The purpose of this study was to explore the effects of pigment epithelium derived factor (PEDF) and PEDF-derived peptides Mer44 and Mer34 on the severity of herpetic simplex keratitis (HSK) in mice.

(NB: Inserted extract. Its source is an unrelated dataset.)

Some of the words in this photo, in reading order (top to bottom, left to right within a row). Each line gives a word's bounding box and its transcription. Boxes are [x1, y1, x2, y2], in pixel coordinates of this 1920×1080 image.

Adult C57BL/6 mice were infected ocularly with the herpes simplex virus type 1 (HSV-1, McKrae strain) and injected subconjunctivally with PEDF, Mer44, or Mer34. Corneal nerve degeneration, neovascularization, sensitivity, neutrophils, macrophages and CD4+ T-cell infiltration, virus contents, and expressions of VEGF, PEDF, and proinflammatory factors were evaluated during acute period. The direct inhibitory effect of PEDF on HSV-1 replication was further evaluated in cultured monkey Vero cells.

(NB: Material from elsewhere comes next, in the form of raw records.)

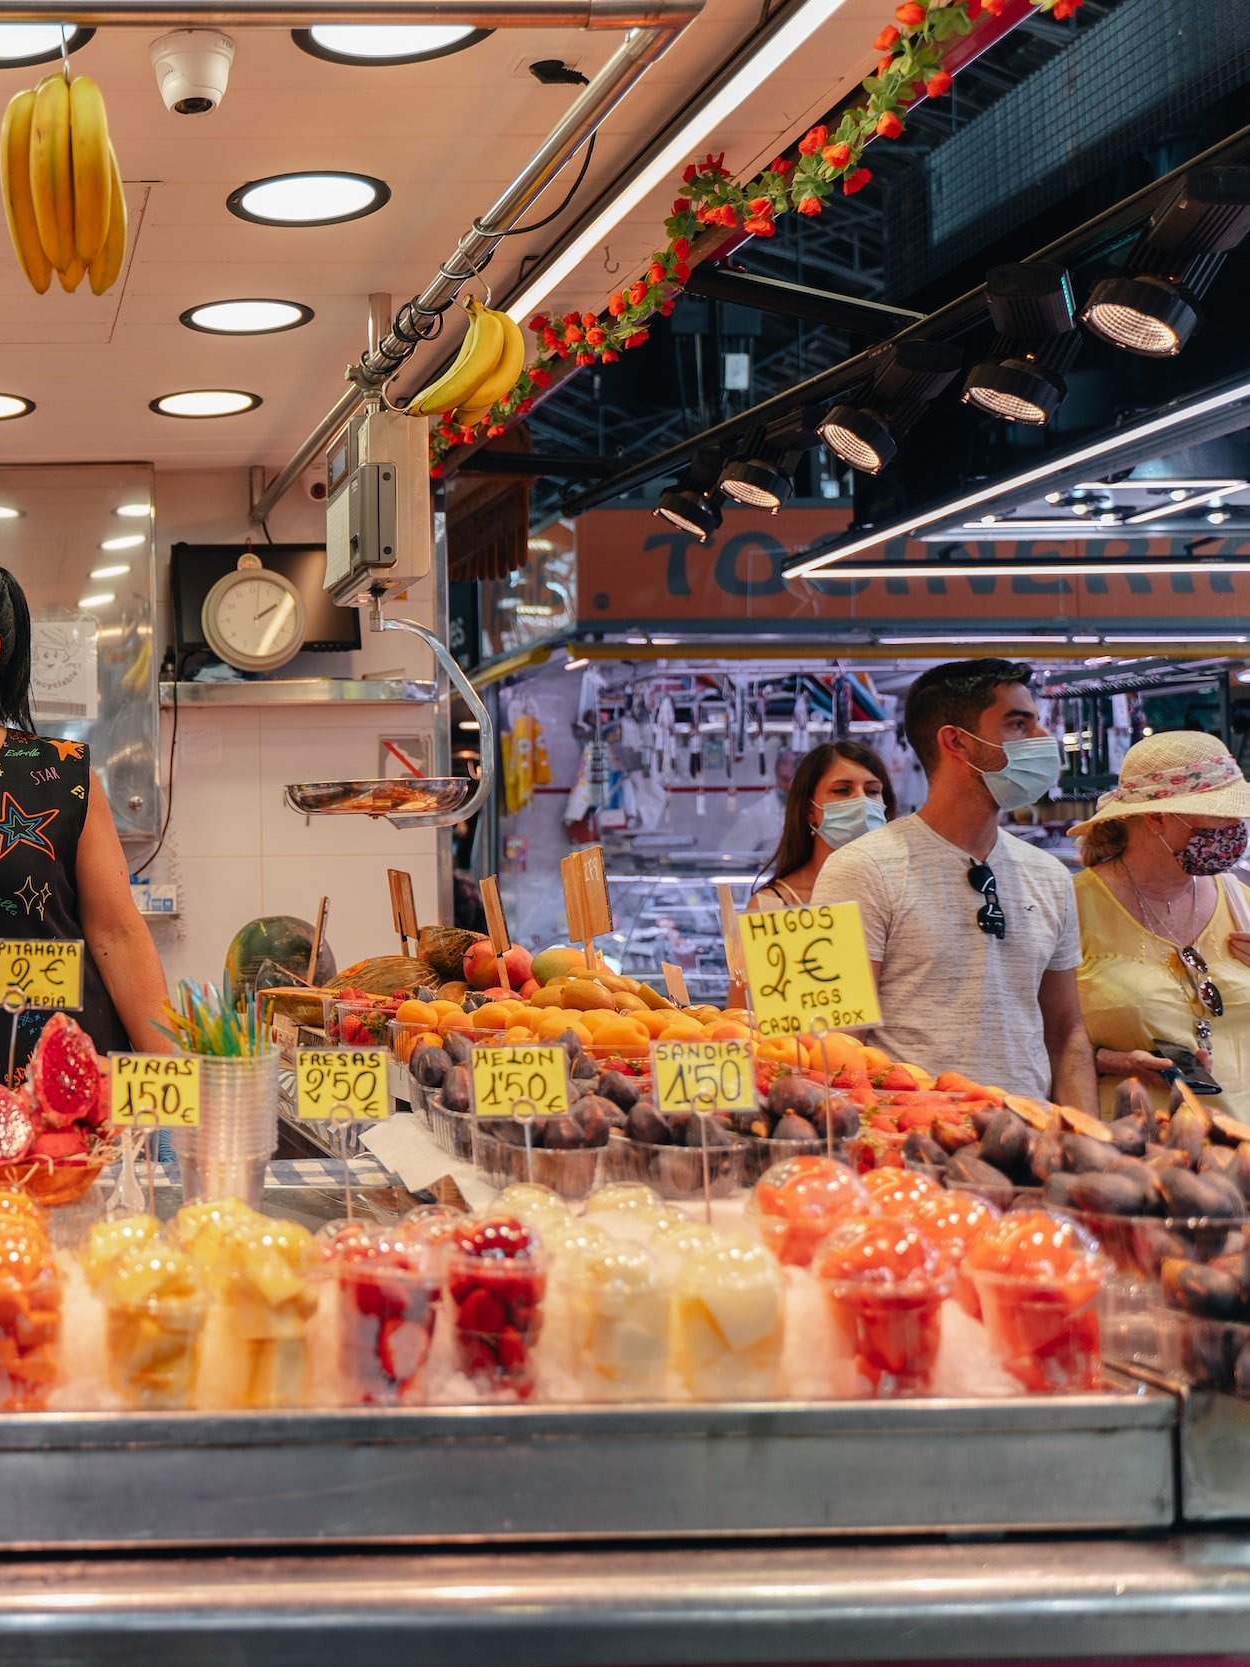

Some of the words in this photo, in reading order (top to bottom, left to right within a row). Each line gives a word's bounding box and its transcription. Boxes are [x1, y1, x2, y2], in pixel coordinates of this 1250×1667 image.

[4, 748, 42, 758] Estrella
[29, 766, 61, 786] STAR
[748, 906, 835, 941] HIGOS
[800, 988, 842, 1010] FIGS
[832, 1010, 866, 1027] BOX
[299, 1052, 381, 1068] FRESAS
[656, 1041, 752, 1061] SANDIAS
[304, 1067, 377, 1104] 2'50
[481, 1071, 547, 1105] 1'50
[663, 1059, 741, 1104] 1'50
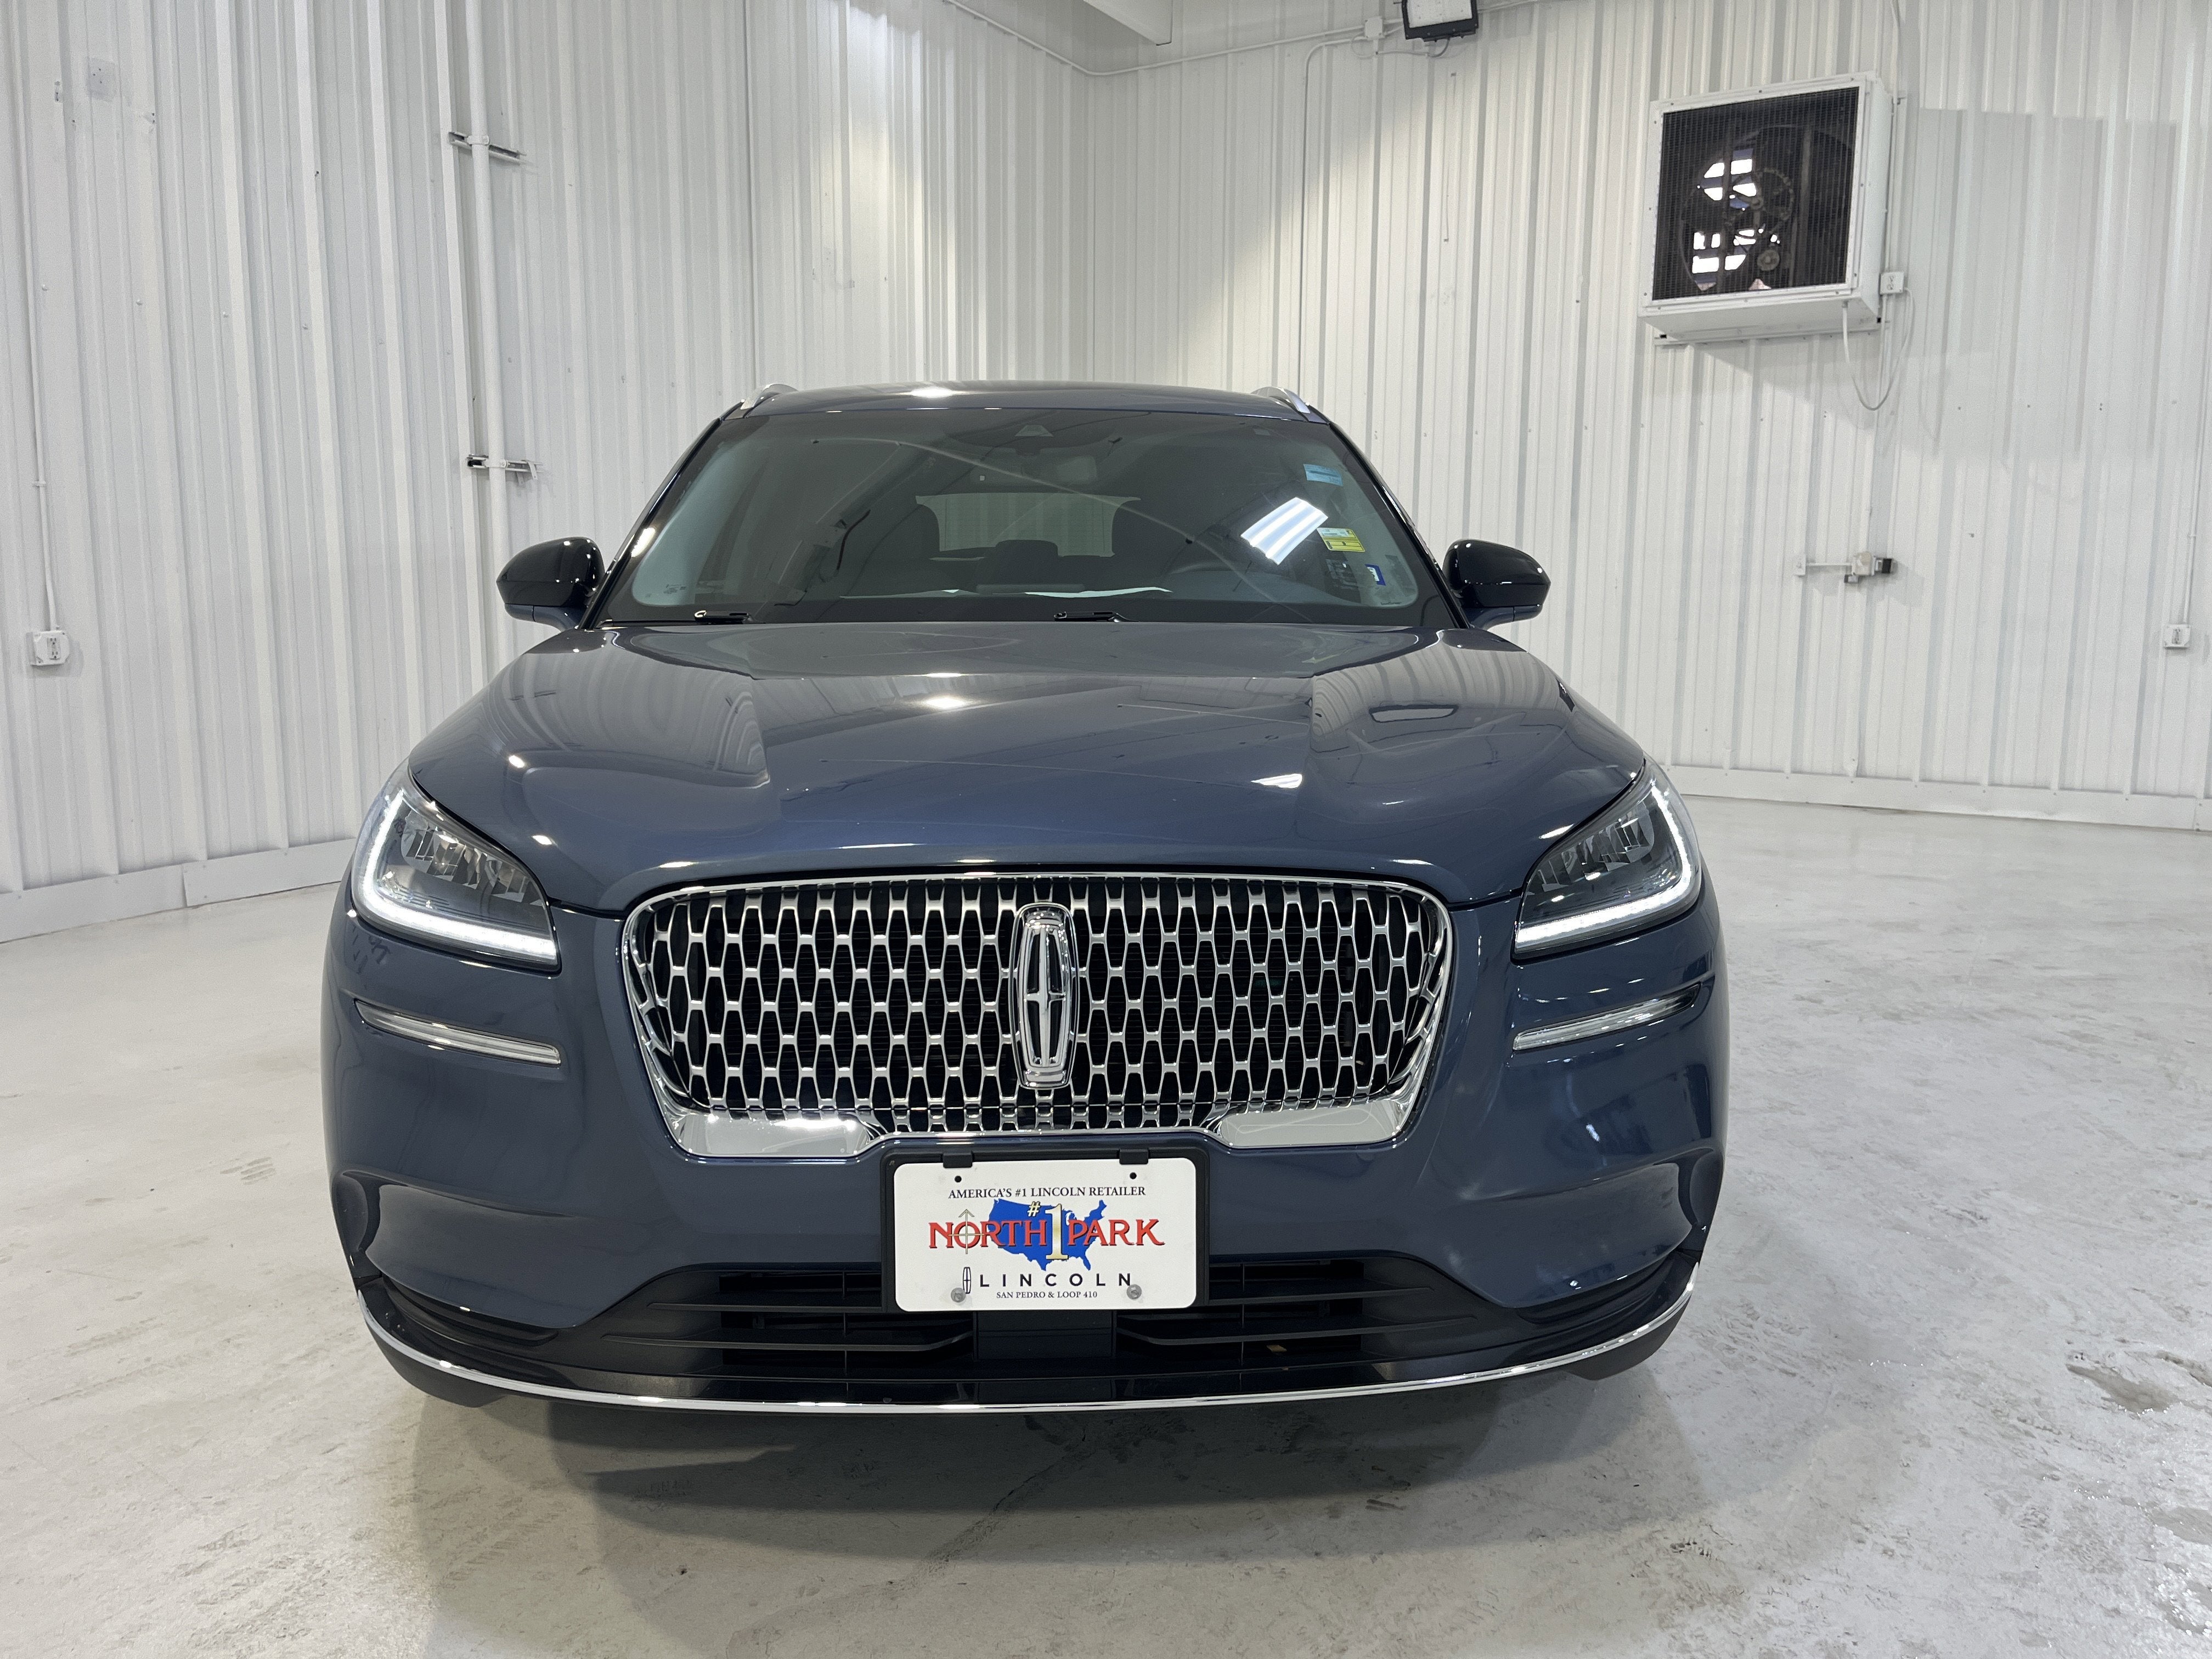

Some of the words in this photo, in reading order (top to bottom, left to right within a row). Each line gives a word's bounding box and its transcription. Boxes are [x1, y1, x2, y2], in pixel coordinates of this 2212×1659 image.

[948, 1188, 1012, 1199] AMERICA'S
[1015, 1188, 1027, 1197] #1
[1031, 1187, 1086, 1197] LINCOLN
[1089, 1186, 1147, 1196] RETAILER
[929, 1220, 1047, 1249] NORTH
[1068, 1219, 1165, 1246] PARK
[980, 1273, 1131, 1288] LINCOLN

Following HSV-1 infection, corneal PEDF expression decreased at 3 and 7 days postinfection (dpi) but increased at 15 dpi, and returned to the similar level of normal mice at 45 dpi, which was accompanied with the progress of corneal nerve degeneration and neovascularization. Exogenous PEDF application attenuated corneal nerve degeneration and neovascularization and improved the impaired corneal sensitivity. Moreover, PEDF attenuated the neutrophils, but not macrophage or CD4+ T-cell infiltration, with the reduced expressions of IL-1β, IL-6, TNF-α, and VEGF. In addition, PEDF inhibited the replication of HSV-1 both in vitro and in mice. Mer44 attenuated corneal nerve degeneration more significantly than Mer34, whereas Mer34 inhibited corneal neovascularization.

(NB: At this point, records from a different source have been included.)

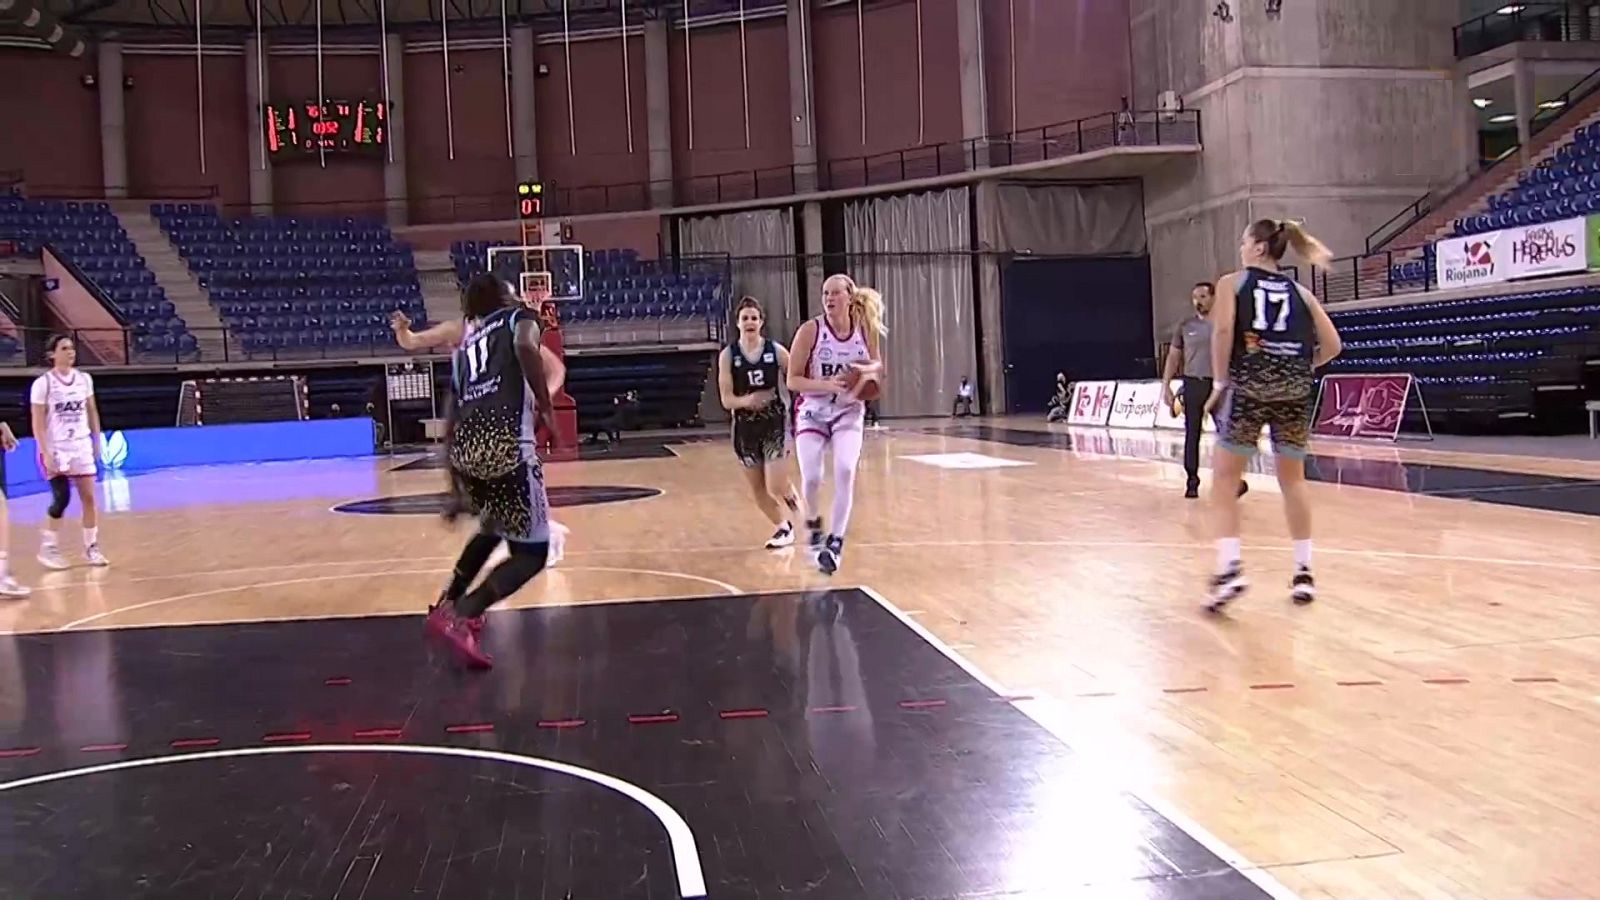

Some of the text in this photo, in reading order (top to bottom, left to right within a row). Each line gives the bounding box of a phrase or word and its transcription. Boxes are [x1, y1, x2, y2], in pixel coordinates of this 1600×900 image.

[521, 198, 540, 215] 07
[1445, 267, 1488, 284] Riojana
[1252, 288, 1291, 331] 17
[466, 338, 489, 382] 11
[747, 369, 765, 386] 12

PEDF and its derived peptides reduce the severity of herpetic simplex keratitis in mice, representing the potential therapeutic approach to control HSK lesions.
本研究旨在探讨色素上皮衍生因子(PEDF)及其衍生肽 Mer44 和 Mer34 对单纯疱疹性角膜炎(HSK)小鼠模型严重程度的影响。
成年 C57BL/6 小鼠通过眼部感染单纯疱疹病毒 1 型(HSV-1,McKrae 株),并通过结膜下注射 PEDF、Mer44 或 Mer34。在急性期评估角膜神经退行性变、血管新生、敏感性、中性粒细胞、巨噬细胞和 CD4+T 细胞浸润、病毒含量以及 VEGF、PEDF 和促炎因子的表达。进一步在培养的猴肾 Vero 细胞中评估 PEDF 对 HSV-1 复制的直接抑制作用。
HSV-1 感染后,角膜 PEDF 表达在感染后 3 天和 7 天降低,但在 15 天增加,在 45 天恢复到正常小鼠的相似水平,同时伴有角膜神经退行性变和血管新生的进展。外源性 PEDF 应用可减轻角膜神经退行性变和血管新生,并改善受损的角膜敏感性。此外,PEDF 可减轻中性粒细胞浸润,但不减轻巨噬细胞或 CD4+T 细胞浸润,同时降低 IL-1β、IL-6、TNF-α 和 VEGF 的表达。此外,PEDF 可抑制 HSV-1 的体外和体内复制。Mer44 对角膜神经退行性变的抑制作用比 Mer34 更显著,而 Mer34 抑制角膜血管新生。
PEDF 及其衍生肽可减轻 HSK 小鼠模型的严重程度,为控制 HSK 病变提供了潜在的治疗方法。